Consumers who do try to focus their spending on African American-owned companies say finding them requires research, and it can take more time and effort to get there.
But locating options is getting far easier, both through local and national social media campaigns and online lists from groups like the US Black Chambers.
“This is the only way we as a people can generate wealth, by supporting our own,” says Rebecca Briscoe. Her grandfather’s photography company was African American-owned and focused on African American customers from the 1940s onward because white photographers would not do business with them. “If you don’t support their business, they don’t have a business,” says Briscoe.

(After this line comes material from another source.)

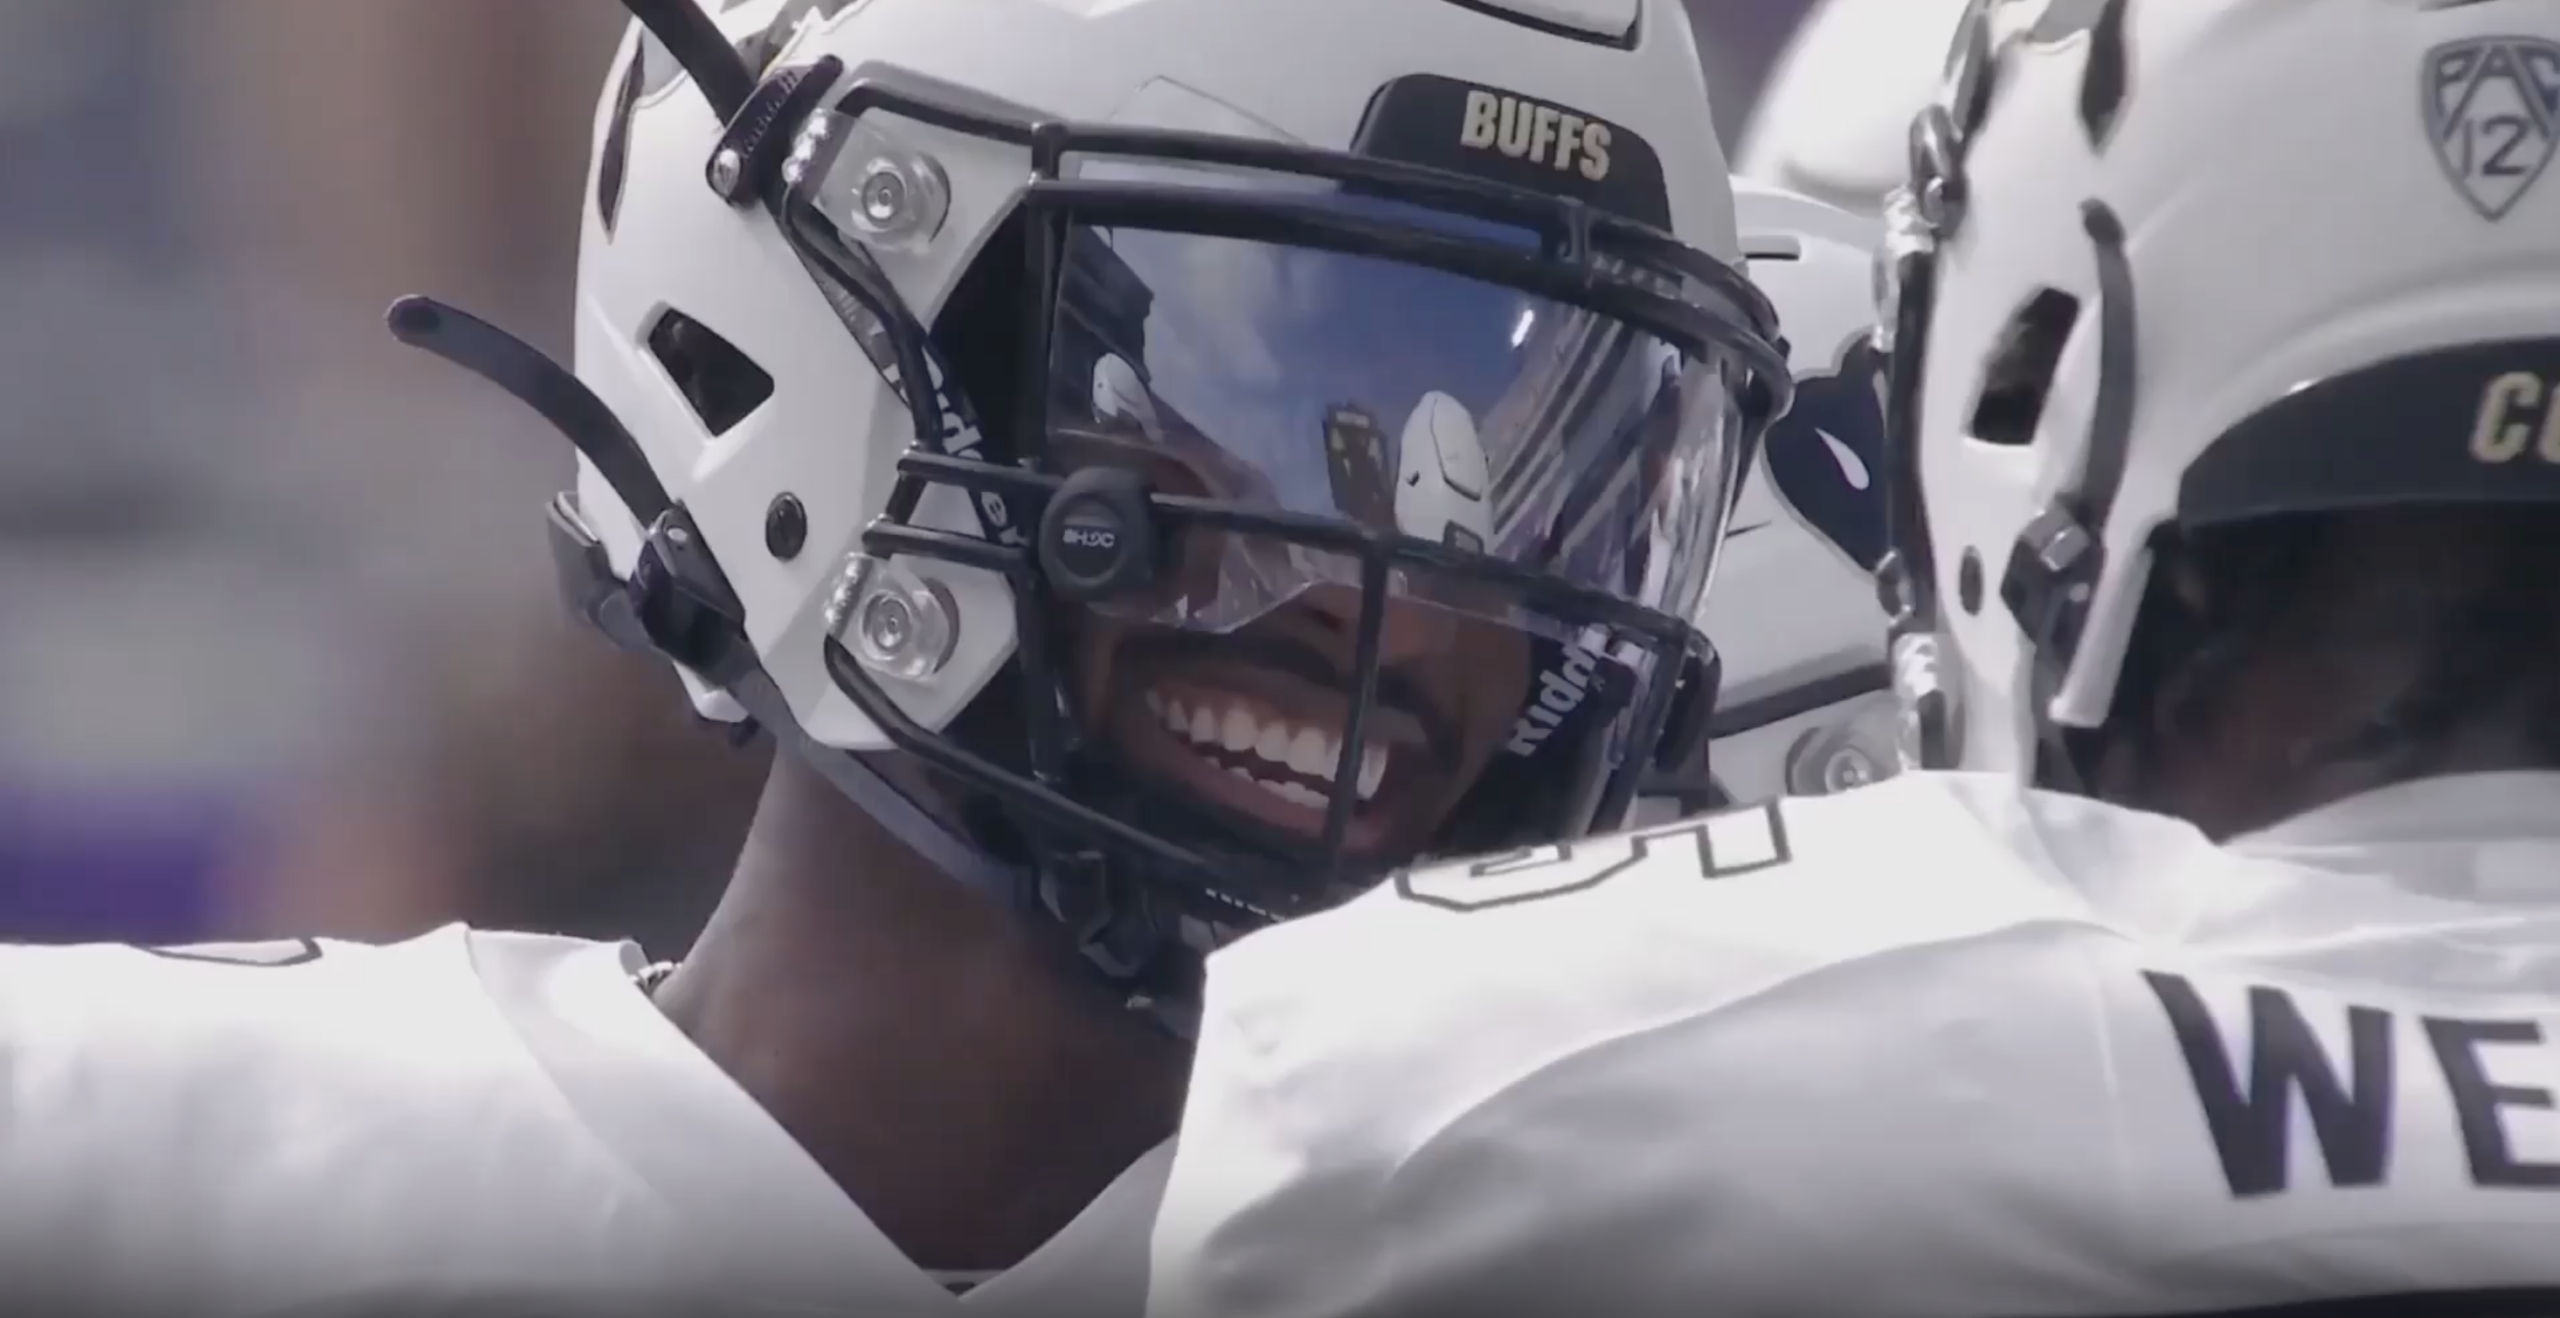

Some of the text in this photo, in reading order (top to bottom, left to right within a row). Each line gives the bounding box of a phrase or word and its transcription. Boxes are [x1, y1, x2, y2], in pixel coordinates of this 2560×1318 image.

[1461, 89, 1612, 181] BUFFS
[2461, 114, 2531, 180] 12
[2138, 968, 2560, 1199] WE

Campaigns like #buyblack and also #bankblack, which encourages people to use black-owned financial institutions, are having an impact. The #bankblack campaign recently got a boost from rapper and activist Killer Mike, who called on people to shift their money to these banks.
OneUnited Bank has gone from 50 new accounts a day to as many as 1,000, says Teri Williams, president of the financial institution. “It is opening the community’s eyes to the many ways they are spending their dollars,” Williams says of the campaigns.
Businesses that provide a service may have more success than those that sell merchandise, says Jerome Williams, a marketing professor at Rutgers University.
“Since service businesses tend to involve more people interactions, the people relationships should prove to be more important, compared to situations where the focus is primarily on the product,” he says.
African American-owned businesses offer African American consumers distinct advantages – especially if shoppers have felt discriminated against at other places – and can provide services tailored to their needs, says Geraldine Henderson, a marketing professor at Loyola University in Chicago. She cited health care providers who understand medical concerns that may be more relevant to black patients.
“You want to go to a provider with cultural competence,” Henderson says.
Maggie Anderson, who lives in Chicago, wrote a book called “Our Black Year” about her effort to buy from black-owned businesses exclusively. That included the stores where she and her husband bought food, clothing, household necessities and personal care items, as well as service providers like hair salons, auto mechanics and restaurants.
Sometimes that meant driving 80 kilometers (50 miles) to get things. Sometimes it meant going without fresh fruit because they couldn’t find what they wanted at a black-owned store. It meant telling their daughters “no” when a toy or book wasn’t sold at a black-owned shop. “It was a message to our fellow black consumers that we have to be more accountable to what has happened to and what is happening to our community,” Anderson says.